Портрет художника в юности - Джеймс Джойс
Шрифт:
Интервал:
Закладка:
– Господа, самый счастливый день в моей жизни – это день первого святого причастия.
Вошел отец Арнолл, и начался урок латыни, и он по-прежнему сидел, прислонившись к спинке парты со сложенными руками. Отец Арнолл раздал тетрадки с упражнениями и сказал: классная работа никуда не годится и чтобы все сейчас же переписали урок с поправками. Но самой плохой была тетрадка Флеминга, потому что страницы у нее слиплись от клякс. И отец Арнолл поднял ее за краешек и сказал, что подавать такую тетрадку – значит просто оскорблять учителя. Потом он вызвал Джека Лотена просклонять существительное mare[42], но Джек Лотен остановился на творительном падеже единственного числа и не знал, как будет во множественном.
– Стыдись, – сказал отец Арнолл строго. – Ты же – первый ученик!
Потом он вызвал другого мальчика, а потом еще и еще. Никто не знал. Отец Арнолл стал очень спокойным и делался все спокойнее и спокойнее по мере того, как вызванные ученики пытались и не могли ответить. Только лицо у него было хмурое, и глядел он пристально, а голос был спокойный. Наконец он вызвал Флеминга, и Флеминг сказал, что у этого слова нет множественного числа. Отец Арнолл вдруг захлопнул книгу и закричал:
– Стань на колени сейчас же посреди класса. Такого лентяя я еще не видывал. А вы все переписывайте упражнения!
Флеминг медленно поднялся со своего места, вышел на середину и стал на колени между двумя крайними партами. Остальные мальчики наклонились над своими тетрадками и начали писать. В классе воцарилась тишина, и Стивен, бросив робкий взгляд на хмурое лицо отца Арнолла, увидел, что оно покраснело от раздражения.

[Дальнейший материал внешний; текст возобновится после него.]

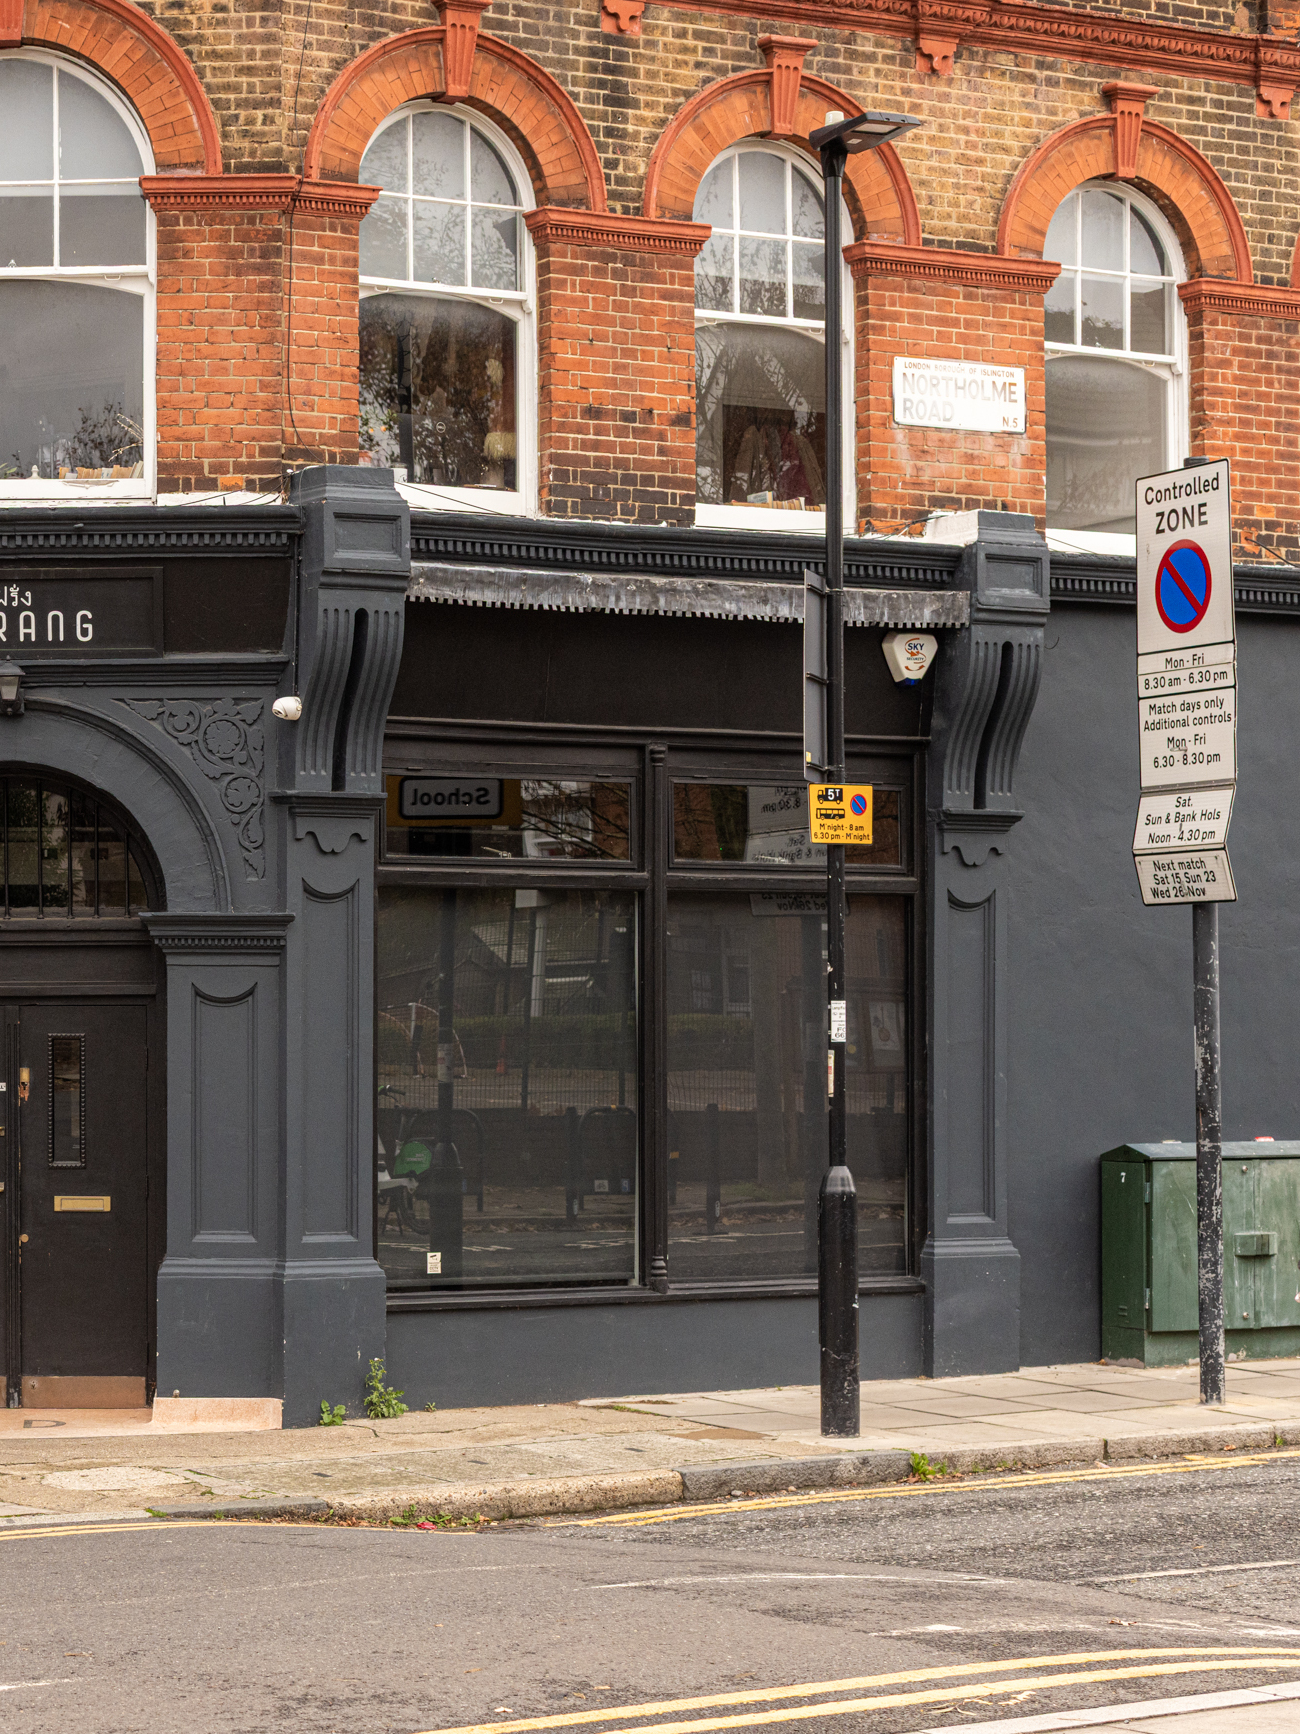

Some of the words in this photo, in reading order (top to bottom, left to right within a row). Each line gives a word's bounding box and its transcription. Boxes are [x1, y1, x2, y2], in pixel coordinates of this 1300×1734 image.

Грех ли, что отец Арнолл сердится, или ему можно сердиться, когда мальчики ленивы, – ведь от этого они лучше учатся? Или, может быть, он только делает вид, что сердится? И это ему можно, потому что он священник и сам знает, что считается грехом, и, конечно, не согрешит. Но если он согрешит как-нибудь нечаянно, где ему исповедоваться? Может быть, он пойдет исповедоваться к помощнику ректора? А если помощник ректора согрешит, то пойдет к ректору, а ректор к провинциалу, а провинциал к генералу иезуитов[43]. Это иезуитский орден, а он слышал, как папа говорил, что все иезуиты очень умные люди. Они могли бы сделаться очень важными людьми, если бы не стали иезуитами. И он старался представить себе, кем бы мог сделаться отец Арнолл, и Падди Баррет, и мистер Макглэйд, и мистер Глисон, если бы они не стали иезуитами. Представить это себе было трудно, потому что приходилось воображать их по-разному, в разного цвета сюртуках и брюках, с усами и с бородой и в разных шляпах.
Дверь бесшумно отворилась и закрылась. Быстрый шепот пронесся по классу: классный инспектор. Секунду стояла мертвая тишина, затем раздался громкий стук линейкой по последней парте. Сердце у Стивена екнуло.
– Не нуждается ли здесь кто-нибудь в порке, отец Арнолл? – крикнул классный инспектор. – Нет ли здесь ленивых бездельников, которым требуется порка?
Он дошел до середины класса и увидел Флеминга на коленях.
– Ага! – воскликнул он. – Кто это такой? Почему он на коленях? Как твоя фамилия?
– Флеминг, сэр.
– Ага, Флеминг! И конечно, лентяй, я уж вижу по глазам. Почему он на коленях, отец Арнолл?
– Он плохо написал латинское упражнение, – сказал отец Арнолл, – и не ответил ни на один вопрос по грамматике.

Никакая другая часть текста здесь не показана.